__Record excerpts__:
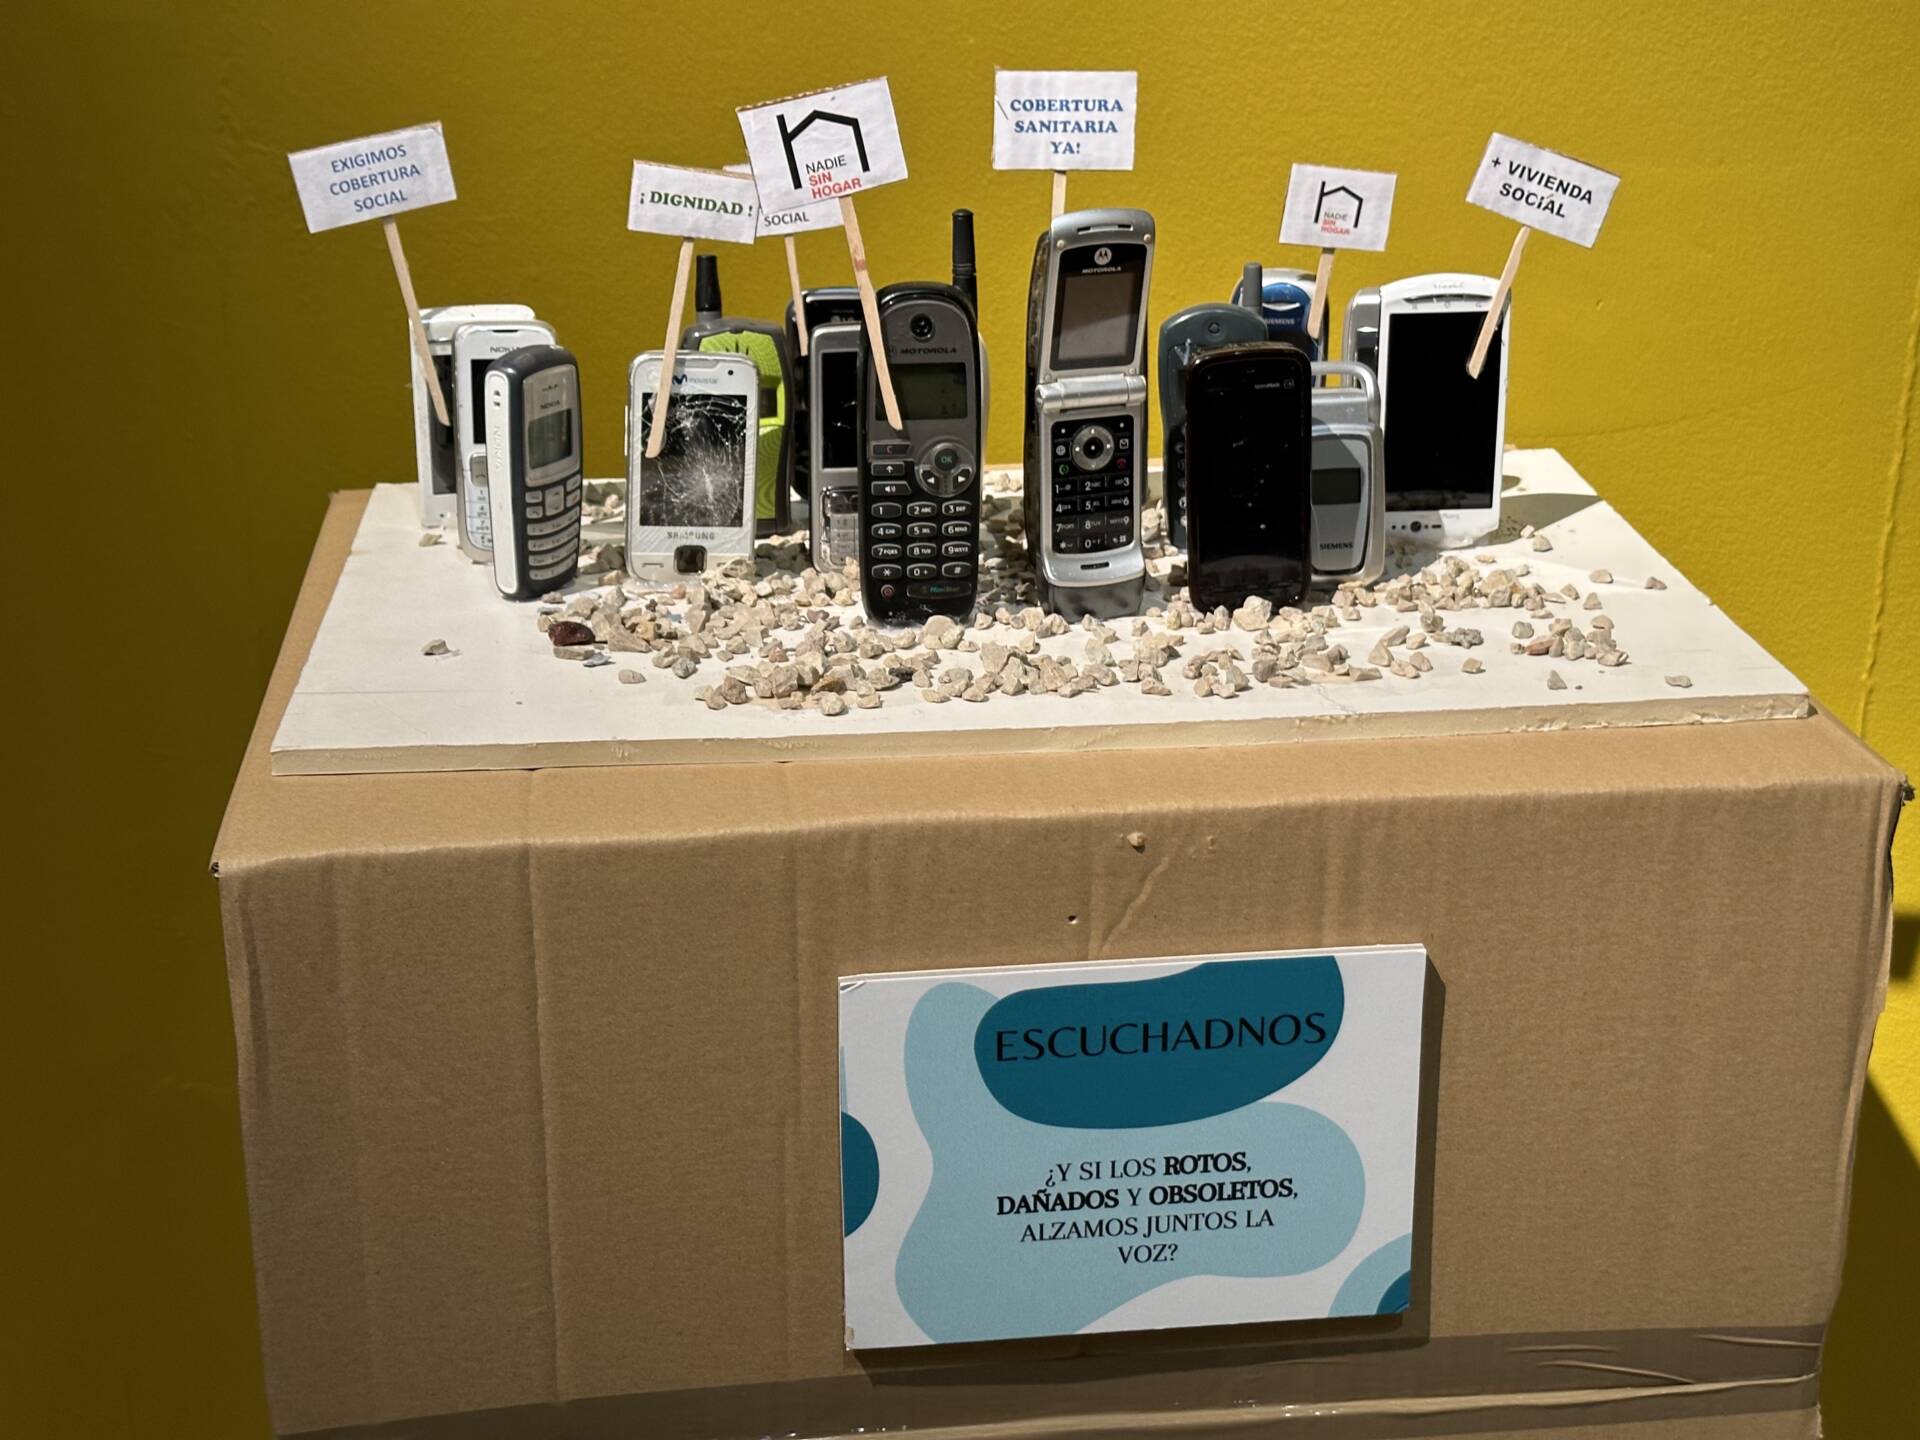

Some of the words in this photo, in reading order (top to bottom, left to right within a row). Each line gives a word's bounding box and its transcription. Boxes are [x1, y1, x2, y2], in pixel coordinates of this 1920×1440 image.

[1010, 99, 1123, 112] COBERTURA
[1014, 120, 1118, 133] SANITARIA
[1050, 141, 1081, 154] YA!
[331, 144, 407, 173] EXIGIMOS
[805, 154, 847, 174] NADIE
[329, 163, 421, 196] COBERTURA
[808, 172, 833, 187] SIN
[812, 177, 862, 199] HOGAR
[1508, 160, 1593, 204] VIVIENDA
[354, 190, 408, 212] SOCIAL
[764, 211, 810, 227] SOCIAL
[1323, 211, 1348, 221] NADIE
[1321, 226, 1351, 235] HOGAR
[1082, 266, 1122, 274] MOTOROLA
[940, 456, 953, 464] OK
[1320, 542, 1353, 550] SIEMENS
[995, 1011, 1327, 1063] ESCUCHADNOS
[1045, 1162, 1072, 1187] ¿Y
[1079, 1161, 1101, 1181] SI
[1110, 1158, 1156, 1179] LOS
[1163, 1152, 1252, 1176] ROTOS,
[996, 1188, 1119, 1215] DAÑADOS
[1126, 1188, 1142, 1206] Y
[1149, 1178, 1298, 1205] OBSOLETOS,
[1020, 1217, 1138, 1242] ALZAMOS
[1142, 1210, 1238, 1238] JUNTOS
[1246, 1209, 1275, 1228] LA
[1118, 1243, 1179, 1264] VOZ?

__What this task involves__: When you transcribe the entries above, keep every word exact and leave out the pictures.

__Answer__:
Some of the words in this photo, in reading order (top to bottom, left to right within a row). Each line gives a word's bounding box and its transcription. Boxes are [x1, y1, x2, y2], in pixel coordinates of this 1920×1440 image.

[1010, 99, 1123, 112] COBERTURA
[1014, 120, 1118, 133] SANITARIA
[1050, 141, 1081, 154] YA!
[331, 144, 407, 173] EXIGIMOS
[805, 154, 847, 174] NADIE
[329, 163, 421, 196] COBERTURA
[808, 172, 833, 187] SIN
[812, 177, 862, 199] HOGAR
[1508, 160, 1593, 204] VIVIENDA
[354, 190, 408, 212] SOCIAL
[764, 211, 810, 227] SOCIAL
[1323, 211, 1348, 221] NADIE
[1321, 226, 1351, 235] HOGAR
[1082, 266, 1122, 274] MOTOROLA
[940, 456, 953, 464] OK
[1320, 542, 1353, 550] SIEMENS
[995, 1011, 1327, 1063] ESCUCHADNOS
[1045, 1162, 1072, 1187] ¿Y
[1079, 1161, 1101, 1181] SI
[1110, 1158, 1156, 1179] LOS
[1163, 1152, 1252, 1176] ROTOS,
[996, 1188, 1119, 1215] DAÑADOS
[1126, 1188, 1142, 1206] Y
[1149, 1178, 1298, 1205] OBSOLETOS,
[1020, 1217, 1138, 1242] ALZAMOS
[1142, 1210, 1238, 1238] JUNTOS
[1246, 1209, 1275, 1228] LA
[1118, 1243, 1179, 1264] VOZ?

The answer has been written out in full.